What Drives Euro Area Labour Productivity Growth?: An International Production-Frontier Examination

What Drives Euro Area Labour Productivity Growth?: An International Production-Frontier Examination

DOI: 10.4018/978-1-7998-4933-9.ch012
OnDemand:
(Individual Chapters)
Available
$37.50
No Current Special Offers
TOTAL SAVINGS: $37.50

Abstract

This chapter uses a nonparametric, international production-frontier approach with a focus on euro area growth accounting. The authors uncover two robust findings for the period since 1980. First, estimated euro area efficiency scores lie much below the world production frontier (gap mostly in the range of 10% to 20%), suggesting the need for structural reform efforts to enhance resource use. Second, the use of human capital series points to a significant effect on euro area labour productivity—highlighting the positive macroeconomic return to education—while entailing a considerable reduction in the estimates of technological progress. Third, they fail to detect significant changes in cross-country distributions of labour productivity both before and after 1995. The only exception concerns the shift in the labour productivity distribution between 1980 and 1995—attributable to the role of physical capital deepening—when they employ the Barro and Lee human capital measure together with World Penn Tables data for the full set of countries, and this only at the 10% significance level.
Chapter Preview
Top

Introduction

There is a broad empirical literature that studies economic growth, with two basic branches standing out. One attempts to determine whether there is a tendency for the world’s economies to converge over time, drawing from Baumol’s (1986) cross-sectional regressions. The other, building on Solow’s (1957) decomposition of US growth into two components attributable to capital deepening and technological progress, investigates what are the sources of economic growth. Most of the literature is heavily model-driven, relying on particular assumptions about the technology, market structure, technological change, and other aspects of the growth process.
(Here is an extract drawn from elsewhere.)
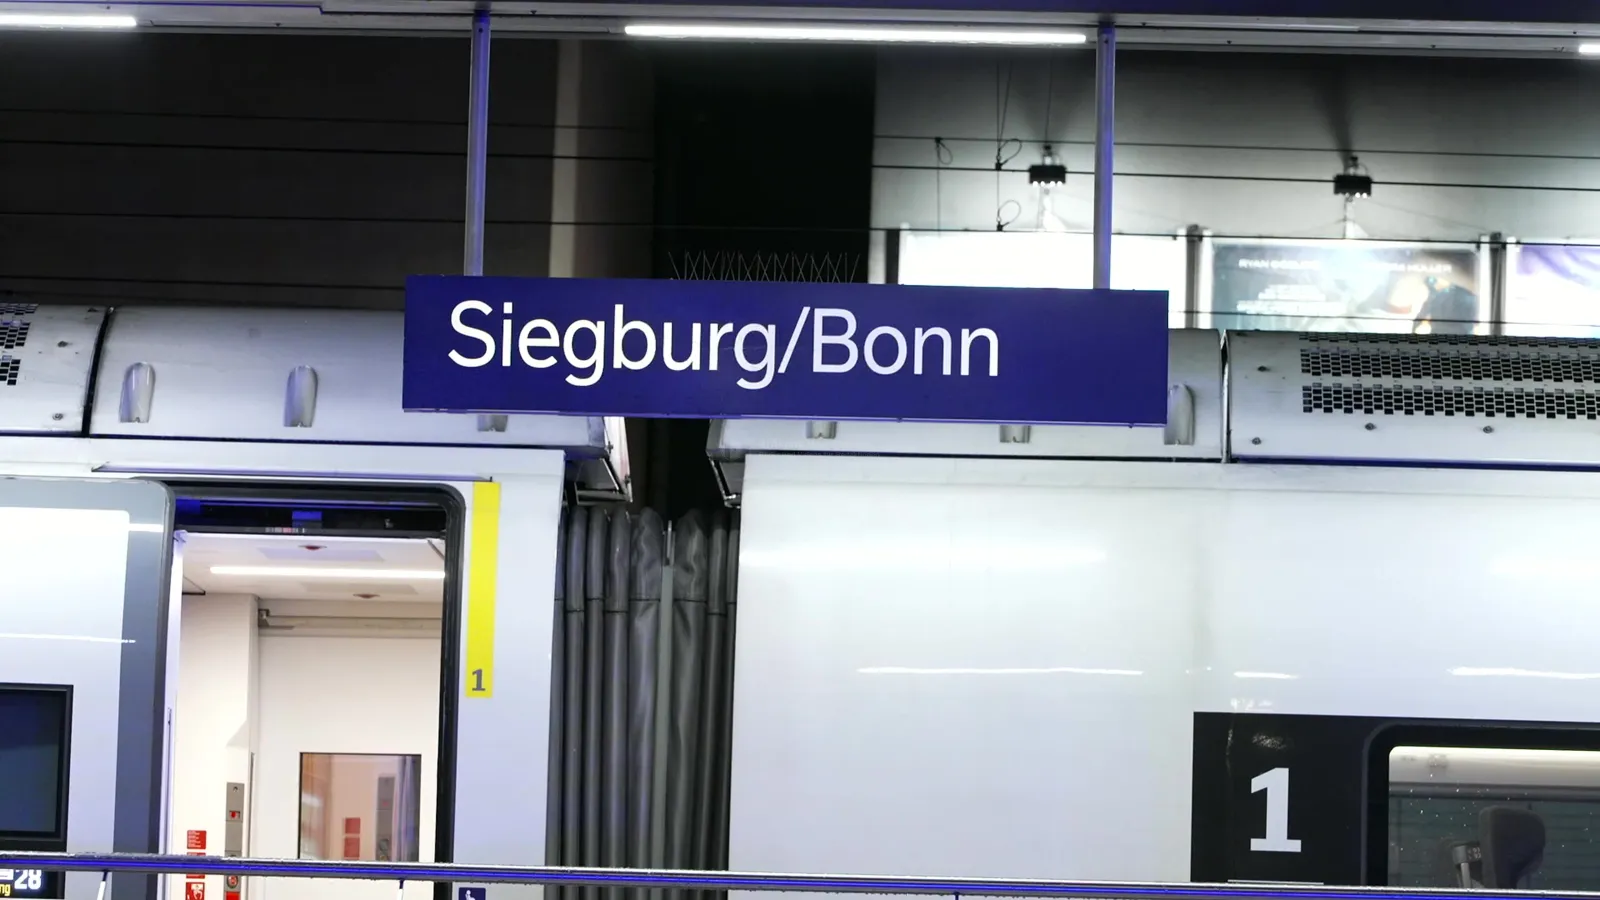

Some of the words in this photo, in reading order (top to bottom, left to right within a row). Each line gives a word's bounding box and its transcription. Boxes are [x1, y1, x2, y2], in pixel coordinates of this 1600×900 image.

[448, 299, 1000, 390] Siegburg/Bonn
[472, 668, 486, 691] 1
[1250, 767, 1302, 853] 1
[14, 868, 42, 890] 28
The standard approach to growth accounting makes strong assumptions about technology at the country level (often postulating country-specific Cobb-Douglas production functions) in order to decompose labour productivity growth into the contributions of production factor accumulation and total factor productivity growth. In contrast with the traditional growth accounting approach, Kumar and Russell (2002) (henceforth KR), and more recently Henderson and Russell (2005) (henceforth HR), have employed nonparametric production-frontier methods to carry out a growth accounting exercise and analyse international macroeconomic convergence. This approach decomposes labour productivity growth into components attributable to (1) technological change (shifts in the world production frontier), (2) technological catch-up or “efficiency change” (movements toward or away from the frontier), and (3) capital accumulation (movement along the frontier) – in HR case further splitting capital deepening into its physical and human components.

The present paper employs nonparametric production-frontier methods to obtain growth accounting results for the euro area. Given the international scope of the study, we also report results for a wider number of countries. We extend the literature by undertaking extensive robustness checks of growth accounting results with the aim to identify consistent patterns. Robustness is assessed in two main ways. First, by using two different databases for labour productivity and physical capital deepening, namely, Penn World Tables (PWT) and Groningen Growth & Development Centre (GGDC). Second, by employing two series for human capital, namely, one based on Barro and Lee (2001) data on years of schooling and Alvarez and Ayuso’s (2002) measure based on public spending on education.

Another paper addressing the role of human capital as control in a production-frontier context is HR, who significantly modify KR result that productivity growth is driven solely by physical capital accumulation over 1965-1990. HR attribute about one-third of physical capital accumulation’s productivity growth contribution to human capital accumulation instead. Moreover, Salinas et al. (2006) report an rise in estimated efficiency levels when introducing public and human capital among EU-15 countries over 1980-1997.1 Using PWT and Barro-Lee data for OECD countries over 1975-1990, Maudos et al. (1999) find a significant effect of human capital on productivity, while highlighting its relevance for an accurate measurement of TFP (especially in Japan).

This article is structured as follows. We start by describing all the data used. We then present the growth accounting results in the absence of human capital. A later section examines the role of introducing each of our two measures of human capital. A final section concludes.

Key Terms in this Chapter

Efficiency: Extent to which resource use allows the economy to get close to the optimum performance attainable, as given by available technology.

Labour Productivity Growth: Change in output relative to the labour input.

Nonparametric Estimation: Statistical method that allows the functional form of a fit to data to be obtained without the estimation of meaningful parameters.

Perpetual Inventory Method: Method of constructing estimates of capital stock from time series of gross fixed capital formation.

Growth Accounting: Method used to decompose some measure of output growth into its relevant sources (such as changes in input use, technology, and efficiency).

International Production Frontier: It indicates the optimum performance in production attainable, as given by existing technology, for any given combination of efficiently used production inputs.

PIM Human Capital Measure: Human capital series obtained by applying the perpetual inventory method (PIM) to real spending on education.

Barro-Lee Human Capital Measure: Human capital series based on the methodology originally developed Barro and Lee (2001) , which relies on data on years of schooling and returns to education.